CSC/CA avait déjà tiré la sonnette d’alarme
La Cour supérieure des comptes et du contentieux administratif (CSCCA) dans son rapport sur la situation financière du pays et l’efficacité des dépenses publiques pour l’exercice 2013-2014 avait relevé des anomalies. Irrégularités dans l’octroi des marchés publics, retard dans la progression des chantiers, les firmes étrangères priorisées sur les compagnies haïtiennes sont parmi celles relevées.
Dans ce rapport, la Cour supérieure des comptes avait passé en revue les chantiers lancés par le gouvernement Martelly-Lamothe. La Cour dénombre de nombreux projets qui sont restés inachevés et qui n’ont pas pu être livrés dans les délais impartis. On cite en exemple le projet de construction des viaducs sur la route de Delmas et à Carrefour. Une avance de 13,95 millions des 30,22 a déjà été faite à la compagnie dominicaine Estrella qui exécute le projet.

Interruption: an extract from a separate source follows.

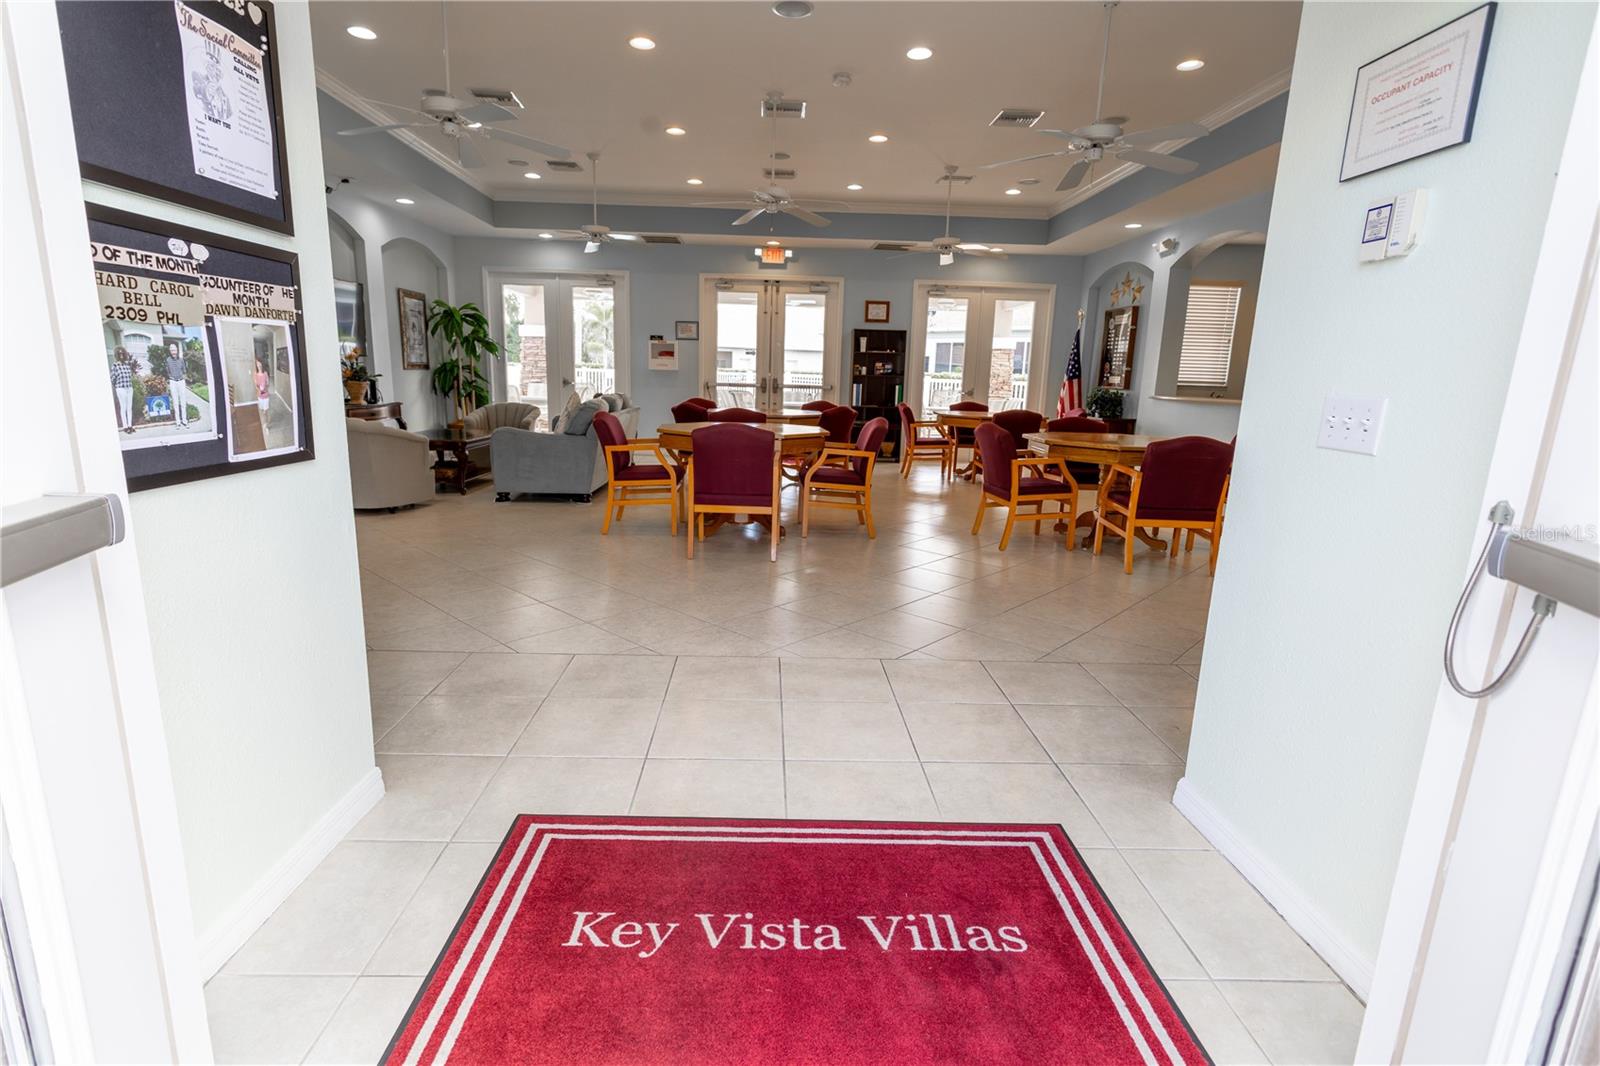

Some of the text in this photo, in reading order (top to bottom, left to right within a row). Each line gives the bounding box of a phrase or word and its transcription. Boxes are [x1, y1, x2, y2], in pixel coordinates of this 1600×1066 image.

Ce projet devrait être livré à l’Etat haïtien depuis juillet 2014. Si la Cour reconnaît que la construction de ces viaducs va avoir des effets positifs sur la vie des populations de la zone métropolitaine, elle s’interroge sur les retards enregistrés dans la construction du viaduc de Carrefour. « La Cour se pose des questions sur les fonds qui ont été avancés pour la réalisation du viaduc de Carrefour qui ne montre aucune trace d’existence », lisait-on dans ce rapport de 248 pages. Les faits constatés dans la construction du viaduc de Carrefour sont aussi valables pour nombre d’autres chantiers. Dans plusieurs cas, les chantiers peinent à avancer alors que l’Etat haïtien a déjà avancé des millions.
D’un autre côté, le rapport avait révélé que le gouvernement haïtien n’a pas toujours tenu compte des procédures en vigueur pour octroyer des contrats aux firmes étrangères. « En fait, des suspicions sérieuses sont soulevées à l’analyse du mode d’attribution des contrats du côté étranger, avec trois firmes mobilisant 68% des contrats », soulignait le rapport. La loi sur la passation des marchés est, selon la Cour des comptes, violée sous couvert de la loi sur l’état d’urgence utilisée abusivement. Des abus divers ont été observés au niveau de la distribution des contrats entre l’Etat haïtien et les exécutants.
Face à cet état de fait, les techniciens de la CSCCA avaient indiqué que les ressources du pays servent plutôt à tuer la compétitivité, à étouffer le savoir et à décourager le développement de la concurrence en ignorant les normes compétitives et en ne mettant en place aucune disposition sérieuse de supervision stratégique.